Ce nouveau pas en direction du chef du courant du Futur serait-il d'inspiration iranienne, se demandent certains observateurs qui sont tentés d'y voir un signe envoyé à l'Occident, plus précisément aux États-Unis à la veille de l'accord sur le nucléaire. Une manière, selon eux, de rehausser l'image de la République islamique aux yeux de leurs interlocuteurs.
Un lifting dont celle-ci aurait besoin aujourd'hui plus que jamais à la lumière des développements dramatiques dans la région et de la guerre acharnée que mène le Hezbollah dans le Qalamoun avec le front al-Nosra et l'État islamique.
La question est également de savoir si Hassan Nasrallah est sincère dans sa démarche ou s'il s'agit d'une manœuvre pour gagner un peu de temps, n'ayant pu se soustraire à l'initiative de Saad Hariri après les incidents tragiques de Tripoli.
Il est également légitime de se demander si l'approche du secrétaire général n'est pas une mesure prise dans le but de réduire la tension dans la rue musulmane, entre sunnites et chiites, et d'étouffer la discorde grandissante.
En rendant hommage à Saad Hariri et au leadership du courant du Futur dans son ensemble, le Hezbollah a-t-il voulu en outre lui arracher une position de soutien à la présence du parti chiite en Syrie ? En annonçant fermement que le général Michel Aoun est leur candidat naturel à la présidence, Hassan Nasrallah a-t-il cherché par ailleurs à inciter Saad Hariri à œuvrer pour obtenir des responsables saoudiens un appui à la candidature de M. Aoun ?
On pourrait également envisager le fait qu'en annonçant son appui à Michel Aoun, le secrétaire général du Hezbollah a peut-être voulu brandir une carte qui pourrait lui servir par la suite dans les négociations autour d'un candidat consensuel, le chef du CPL ayant été présenté par M. Nasrallah comme étant le chef d'un camp politique et non l'homme du consensus.
D'ailleurs, estime un observateur, le fait de rendre un tel hommage à Saad Hariri pour ses positions à Tripoli ne peut qu'embarrasser ce dernier qui se voit alors obligé de réagir positivement à cette attitude.
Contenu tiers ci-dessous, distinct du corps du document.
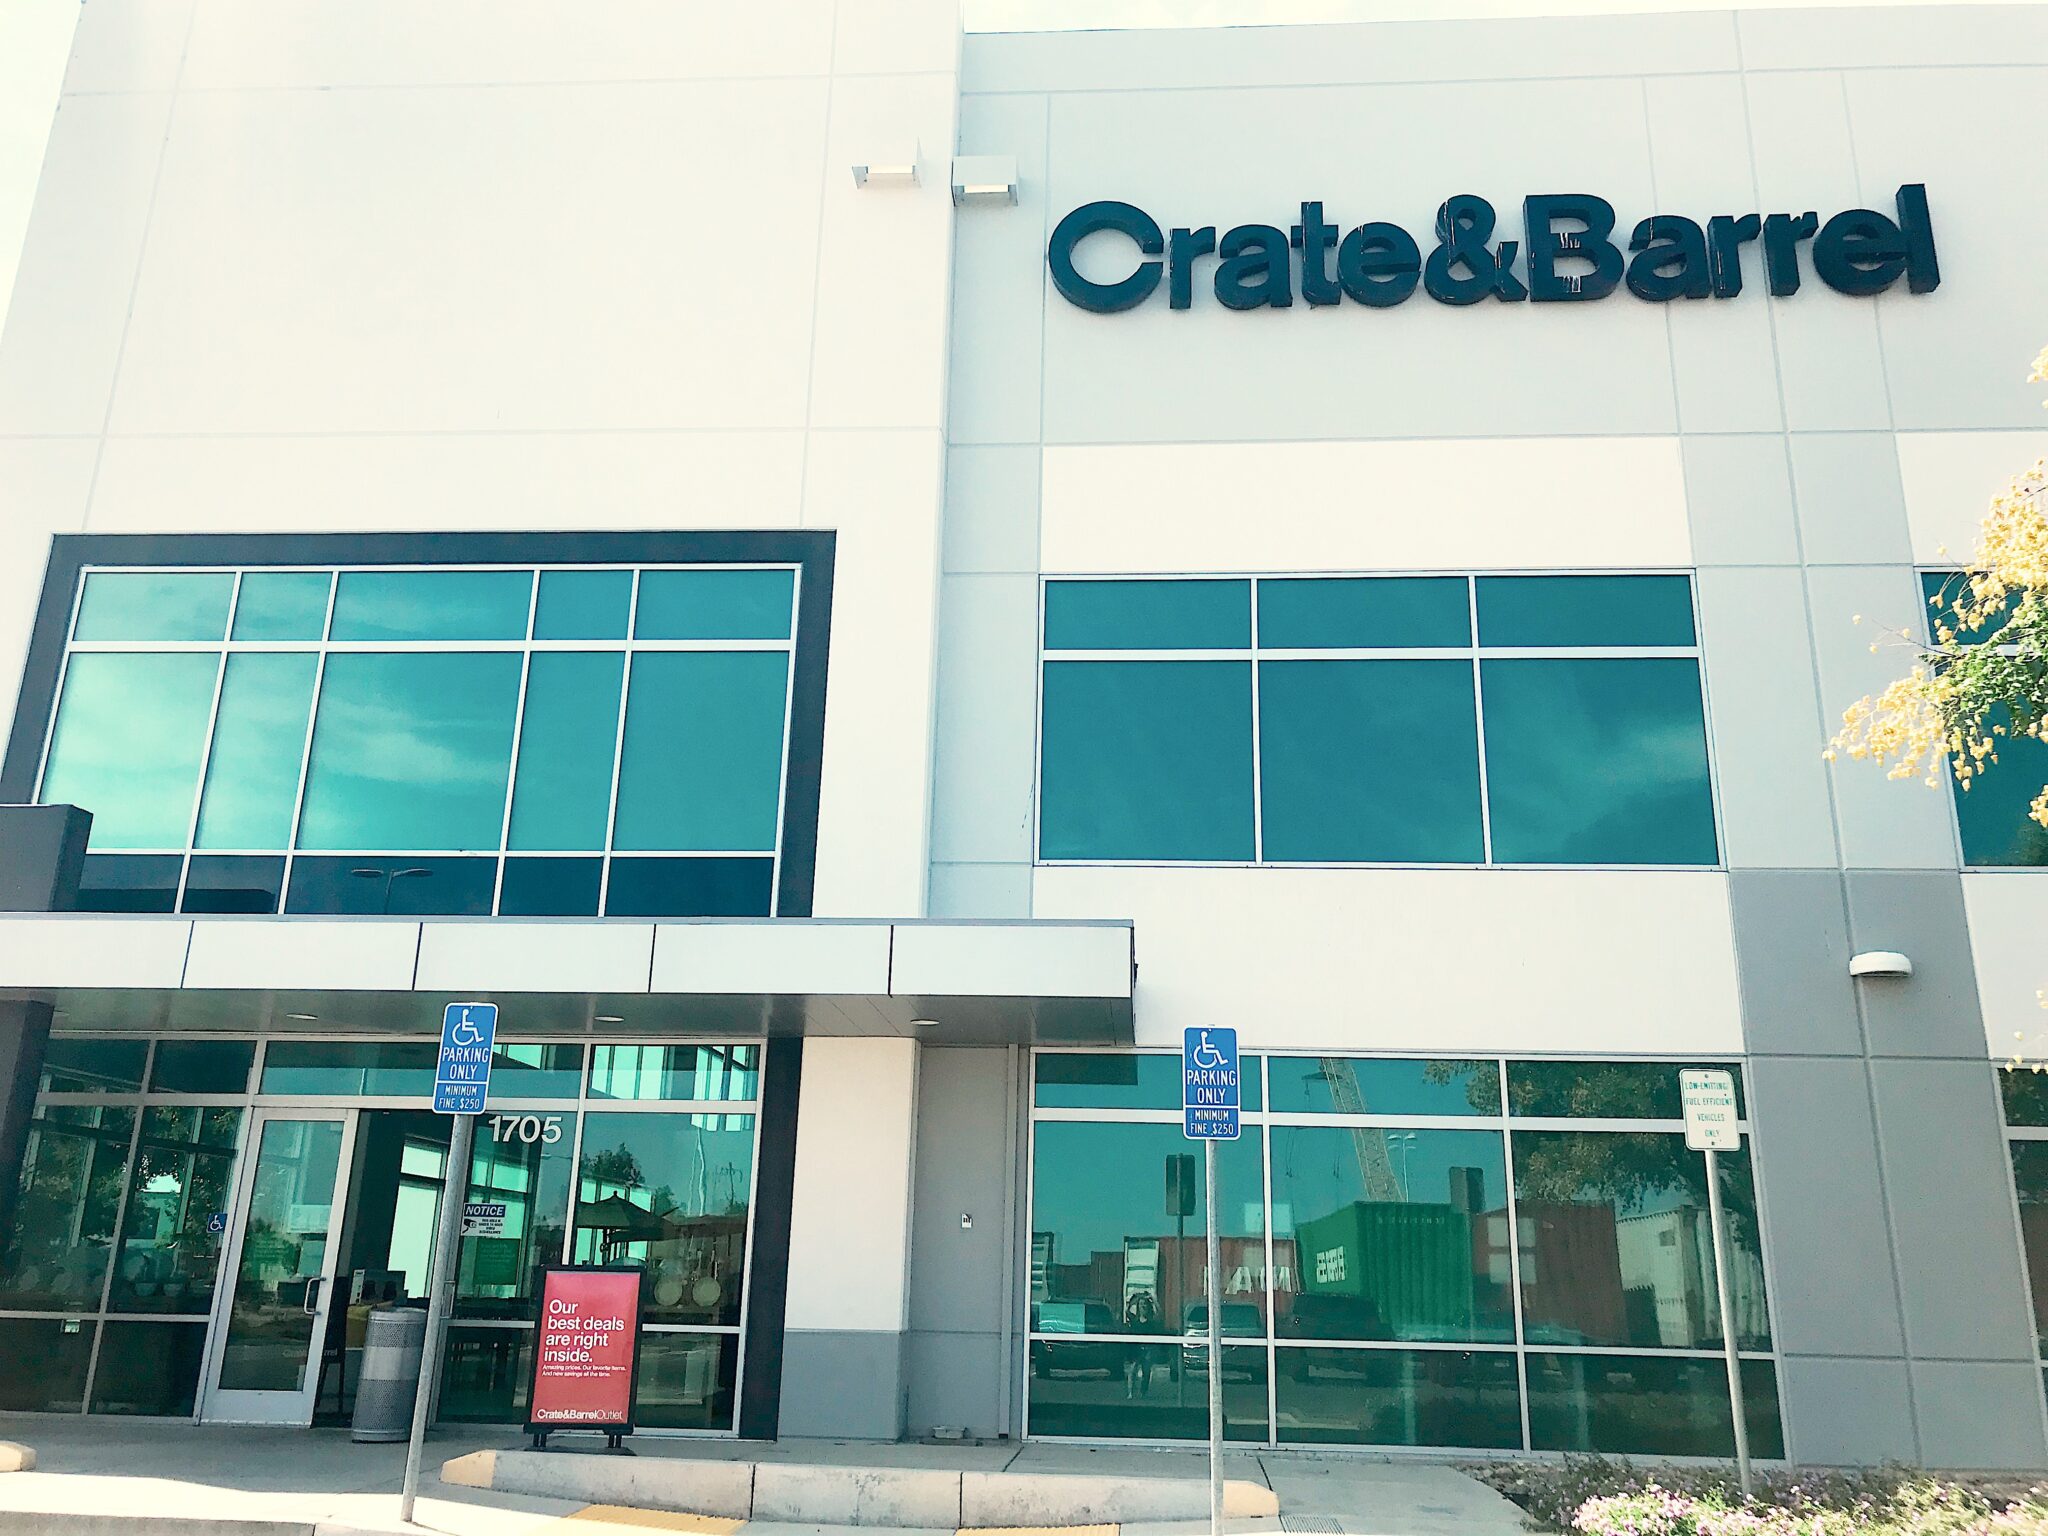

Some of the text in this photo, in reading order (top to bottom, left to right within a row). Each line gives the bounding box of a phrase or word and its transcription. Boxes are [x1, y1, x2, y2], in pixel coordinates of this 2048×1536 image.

[1048, 184, 1941, 313] Crate&Barrel
[442, 1047, 490, 1063] PARKING
[449, 1064, 478, 1080] ONLY
[1186, 1069, 1237, 1086] PARKING
[444, 1085, 478, 1096] MINIMUM
[1197, 1087, 1226, 1104] ONLY
[439, 1097, 480, 1110] FINE $250
[1685, 1097, 1733, 1106] FUEL EFFICIENT
[1194, 1109, 1229, 1121] MINIMUM
[1696, 1113, 1725, 1122] VEHICLES
[488, 1115, 562, 1144] 1705
[1190, 1122, 1234, 1135] FINE $250
[1704, 1129, 1720, 1138] ONLY
[465, 1205, 504, 1216] NOTICE
[549, 1299, 579, 1314] Our
[547, 1315, 625, 1331] best deals
[545, 1332, 609, 1350] are right
[544, 1347, 593, 1363] inside.
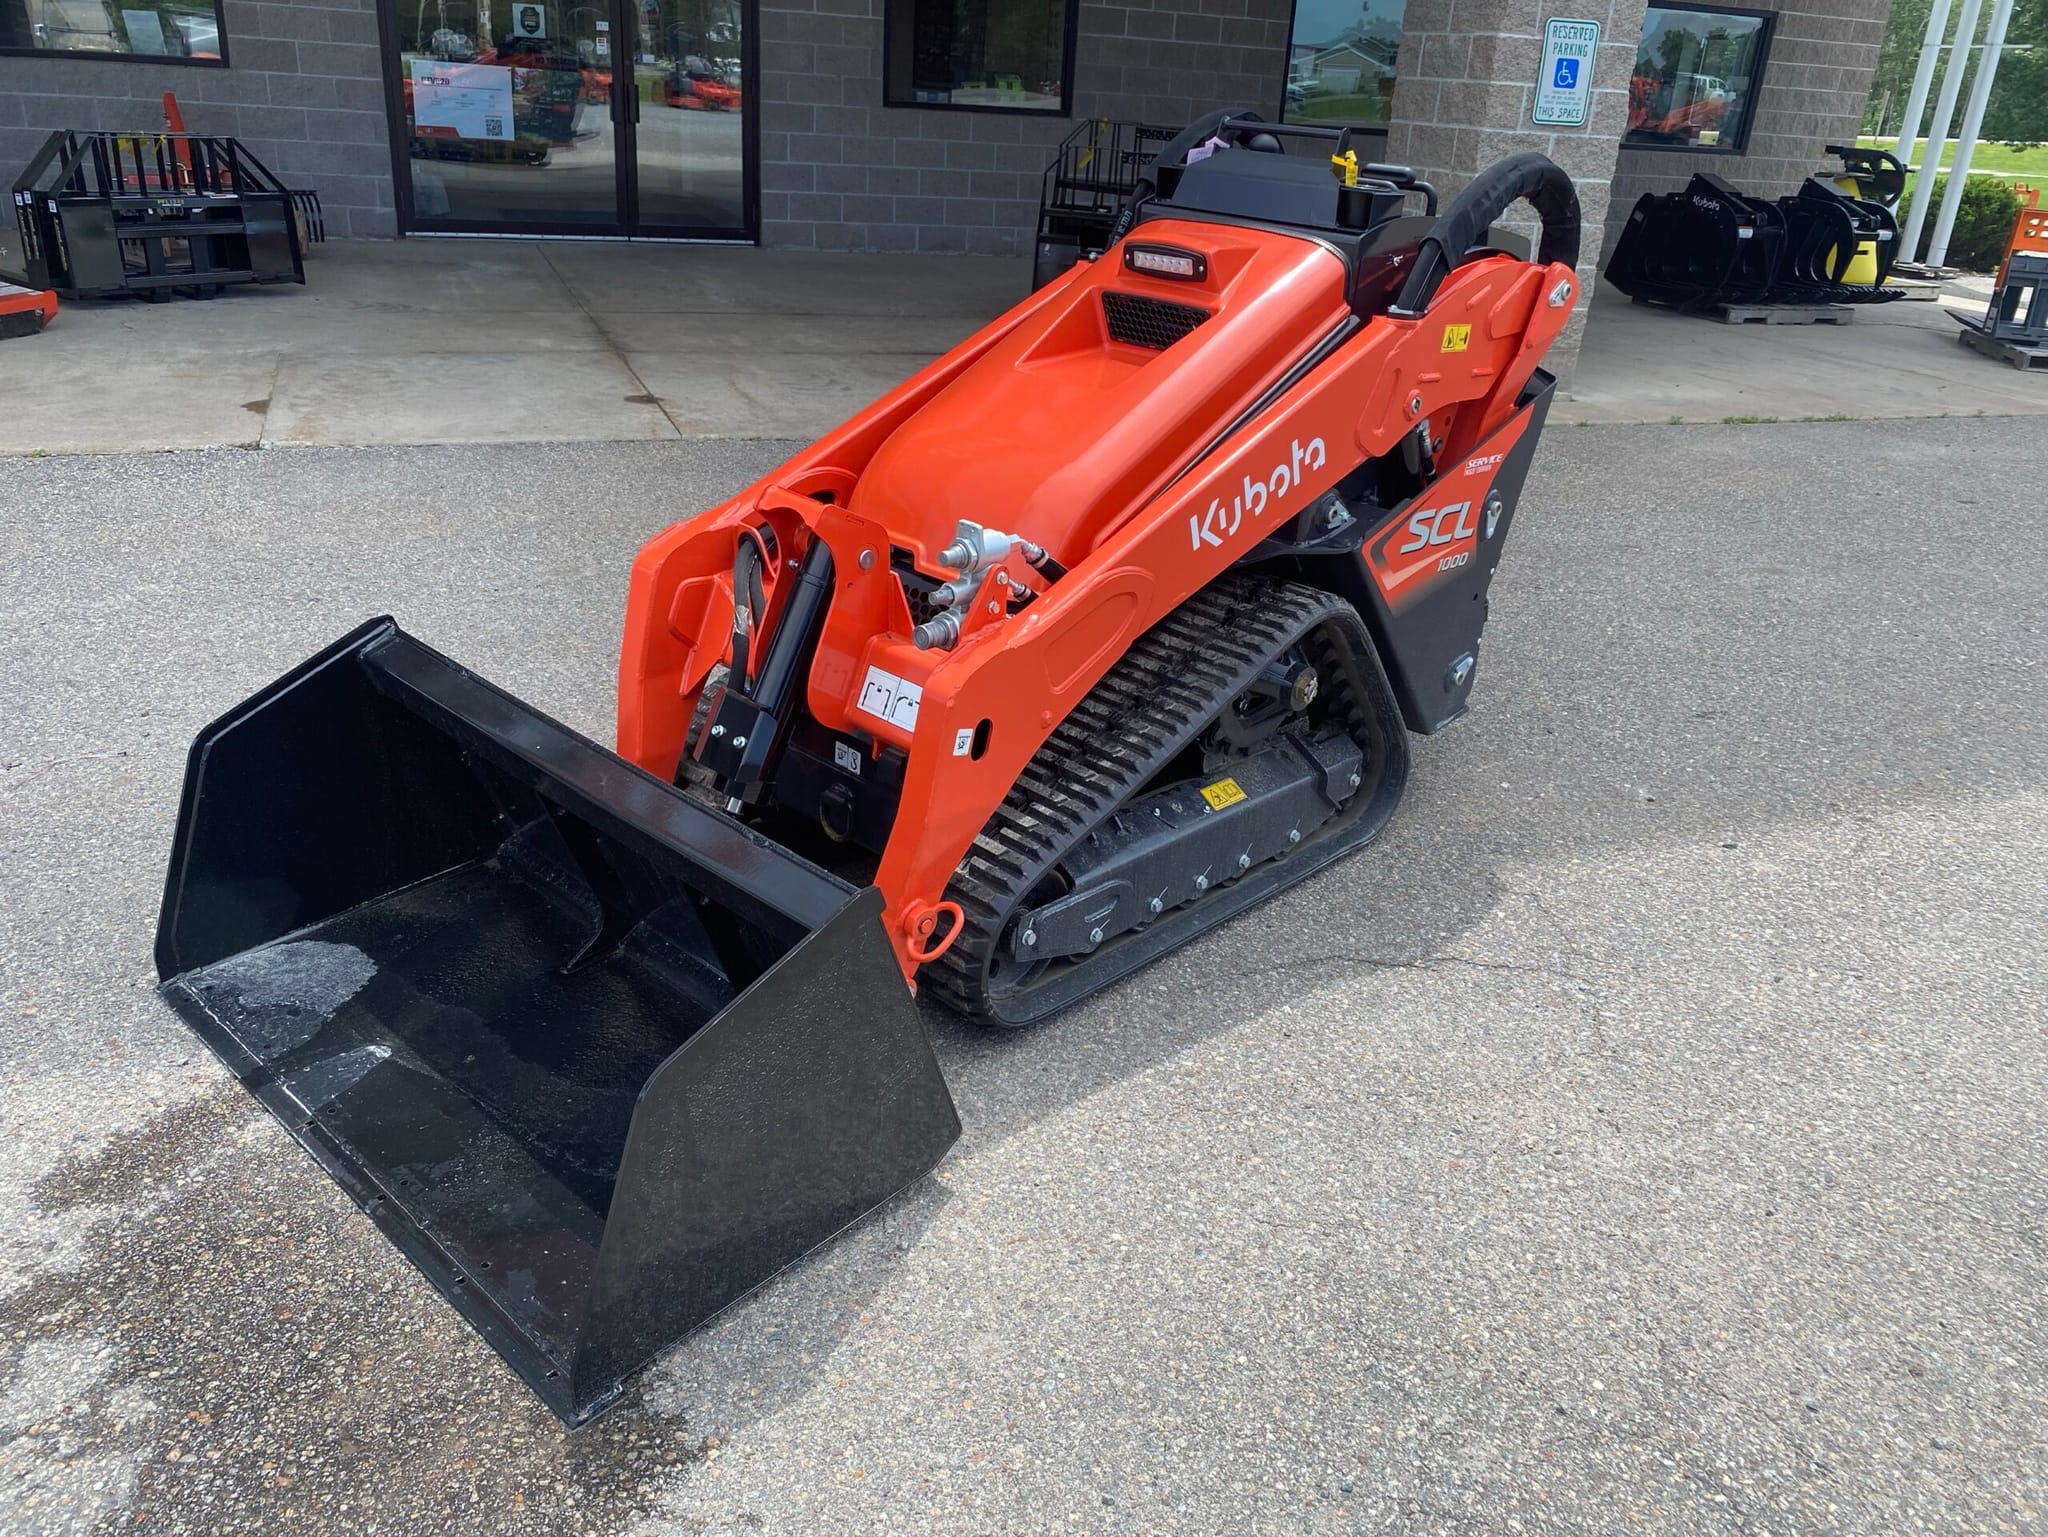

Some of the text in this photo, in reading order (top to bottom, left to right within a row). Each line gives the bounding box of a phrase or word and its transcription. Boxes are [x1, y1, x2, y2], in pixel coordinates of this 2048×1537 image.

[1552, 25, 1594, 41] RESERVED
[1553, 42, 1588, 57] PARKING
[1538, 106, 1581, 119] THIS SPACE
[1693, 195, 1720, 210] Kubota
[1190, 437, 1326, 551] Kubota
[1400, 501, 1474, 554] SCL
[1437, 552, 1469, 572] 1000
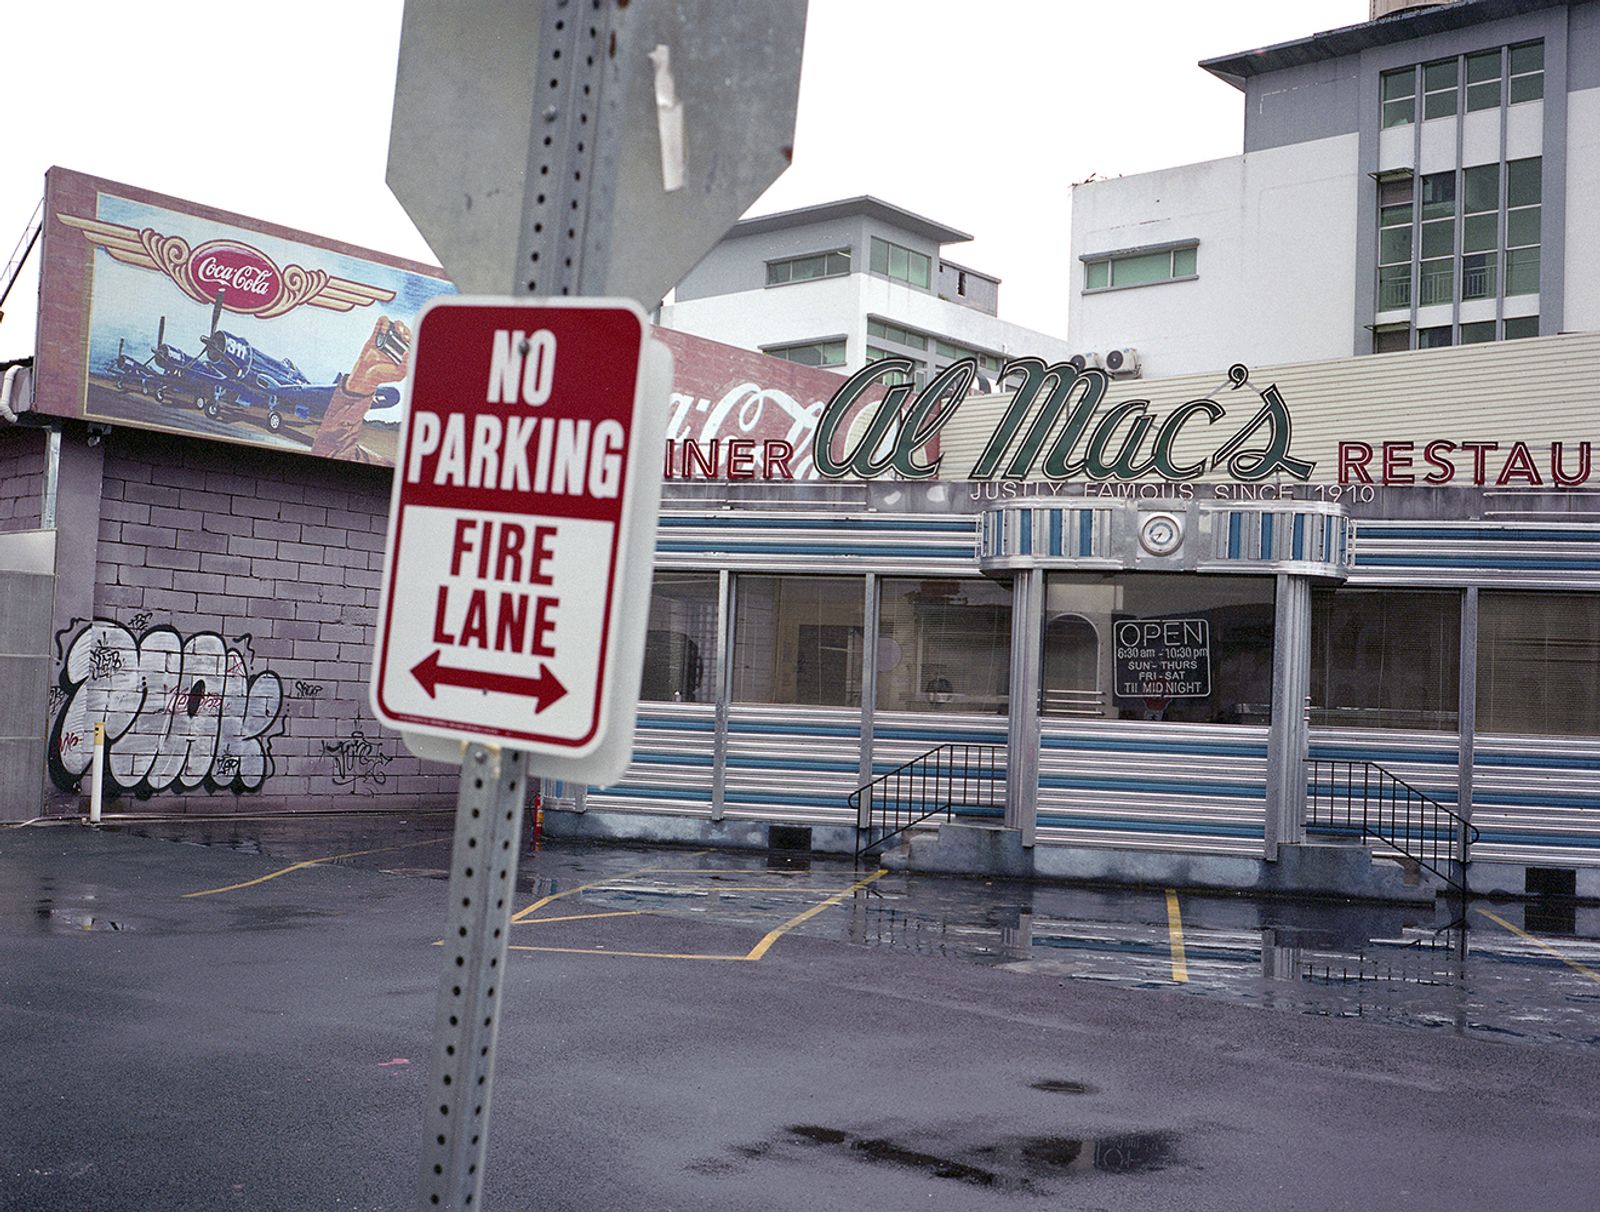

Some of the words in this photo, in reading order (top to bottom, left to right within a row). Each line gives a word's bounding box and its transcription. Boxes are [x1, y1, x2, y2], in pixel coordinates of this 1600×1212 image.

Celle-ci le place cependant dans une position tout aussi embarrassante par rapport à la rue sunnite. C'est ce qui fera dire à certaines figures islamistes que le Hezbollah a tout simplement cherché à coincer Saad Hariri et non à lui tendre la main pour aller le retrouver à mi-chemin alors que le courant du Futur y voit, pour sa part, du positif autant que du négatif.